■ Work instruction:
Repeat each record exactly as written, and drop any images.

[Source data]

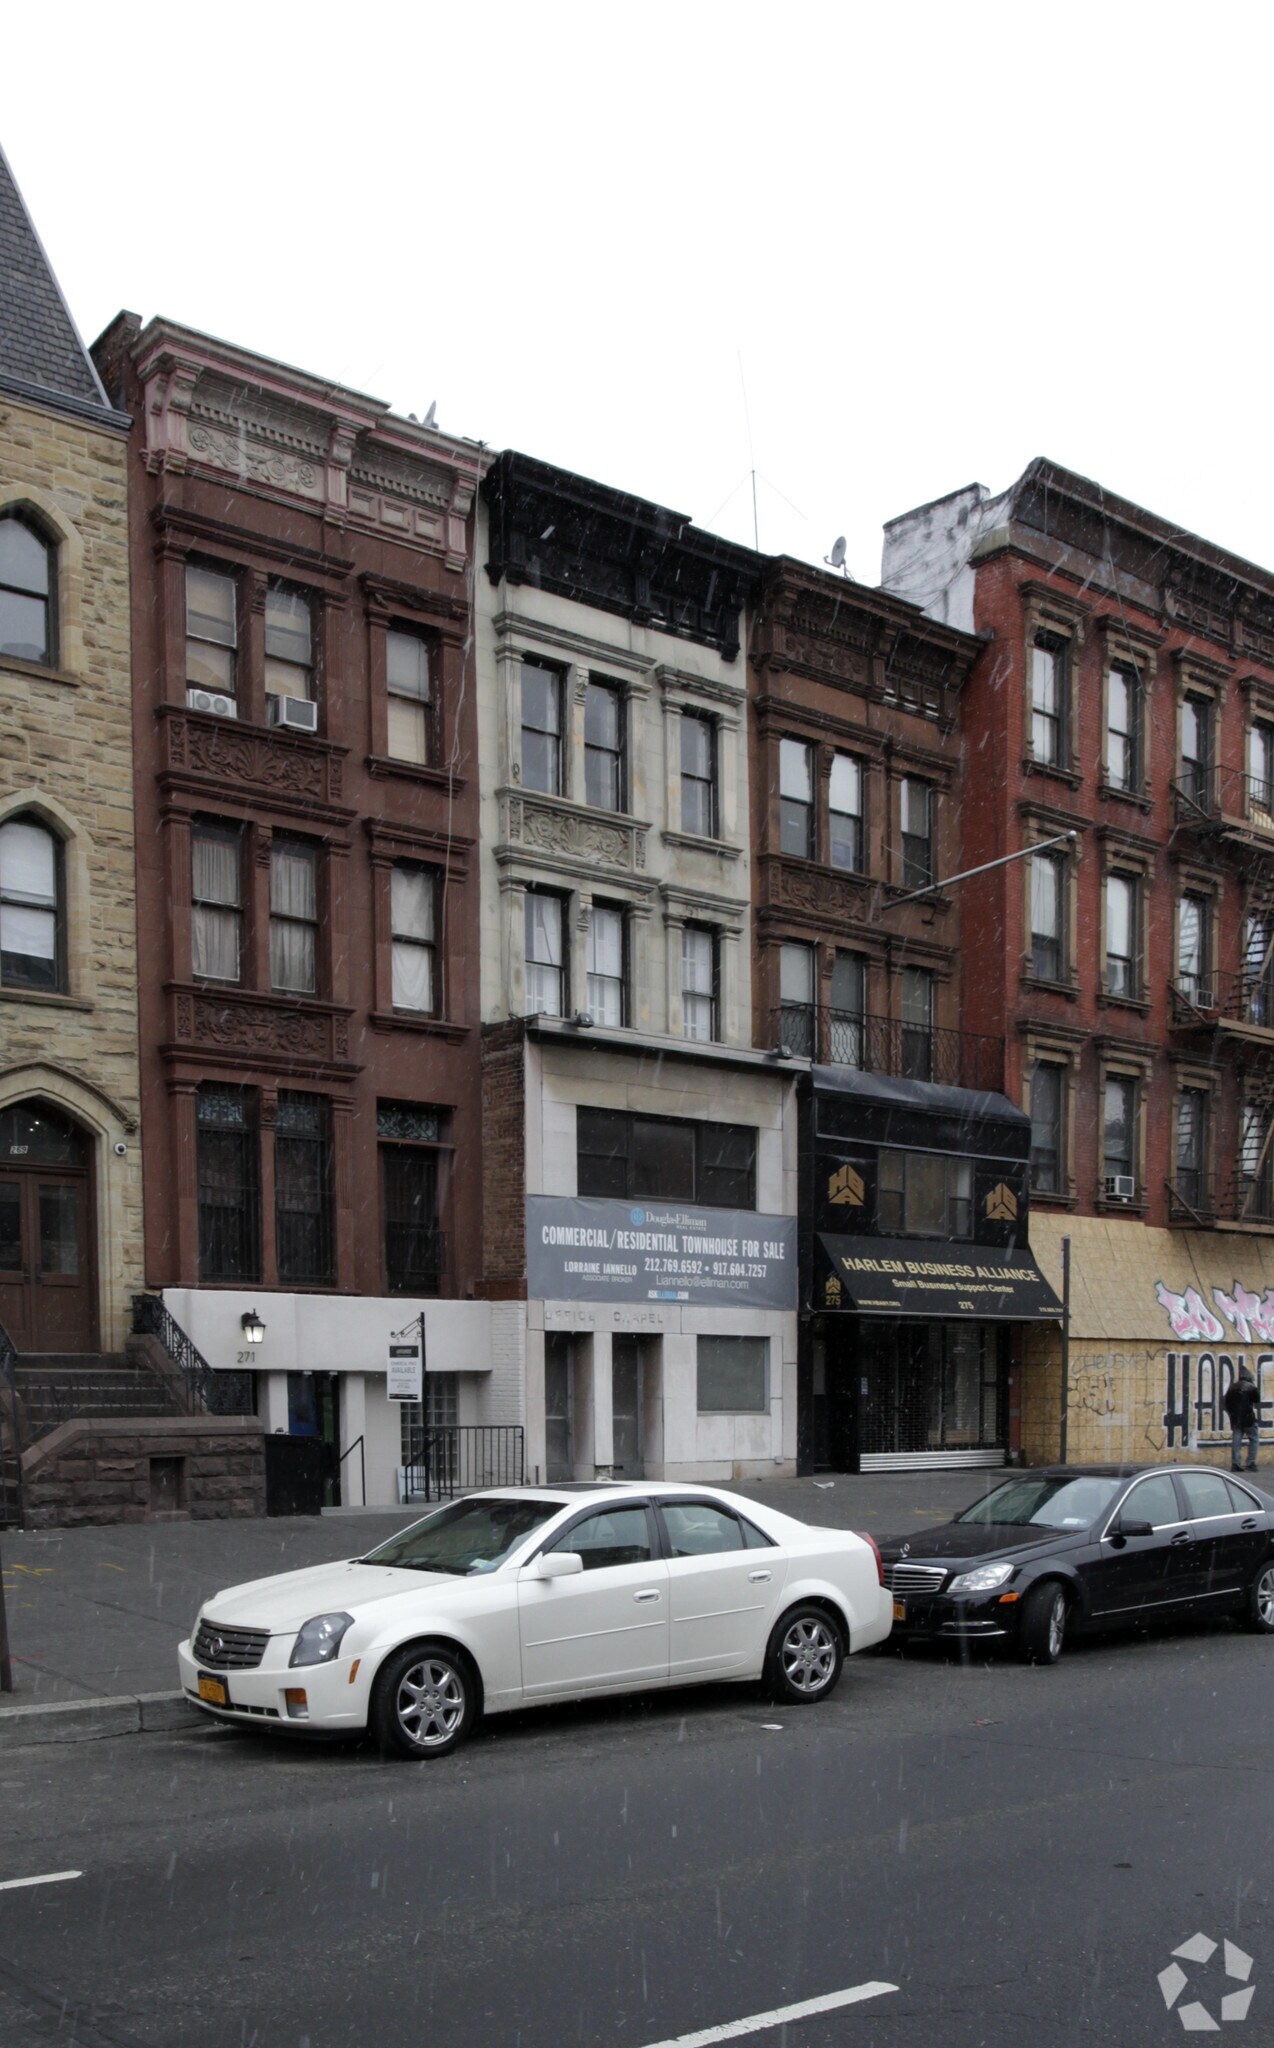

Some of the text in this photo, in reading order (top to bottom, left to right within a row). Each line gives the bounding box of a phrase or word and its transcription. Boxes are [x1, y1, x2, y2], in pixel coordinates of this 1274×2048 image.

[682, 1235, 738, 1257] TOWNHOUSE
[742, 1240, 760, 1258] FOR
[763, 1241, 785, 1260] SALE
[564, 1261, 637, 1275] LORRAINE IANNELLO
[644, 1257, 767, 1278] 212.769.6592 917.604.7257
[841, 1257, 1040, 1281] HARLEM BUSINESS ALLIANCE
[891, 1279, 1014, 1293] Small Business Support Center
[825, 1295, 841, 1306] 275
[958, 1301, 975, 1310] 275
[236, 1351, 255, 1364] 271

[/Source data]

■ Finished exercise:
Some of the text in this photo, in reading order (top to bottom, left to right within a row). Each line gives the bounding box of a phrase or word and its transcription. Boxes are [x1, y1, x2, y2], in pixel coordinates of this 1274×2048 image.

[682, 1235, 738, 1257] TOWNHOUSE
[742, 1240, 760, 1258] FOR
[763, 1241, 785, 1260] SALE
[564, 1261, 637, 1275] LORRAINE IANNELLO
[644, 1257, 767, 1278] 212.769.6592 917.604.7257
[841, 1257, 1040, 1281] HARLEM BUSINESS ALLIANCE
[891, 1279, 1014, 1293] Small Business Support Center
[825, 1295, 841, 1306] 275
[958, 1301, 975, 1310] 275
[236, 1351, 255, 1364] 271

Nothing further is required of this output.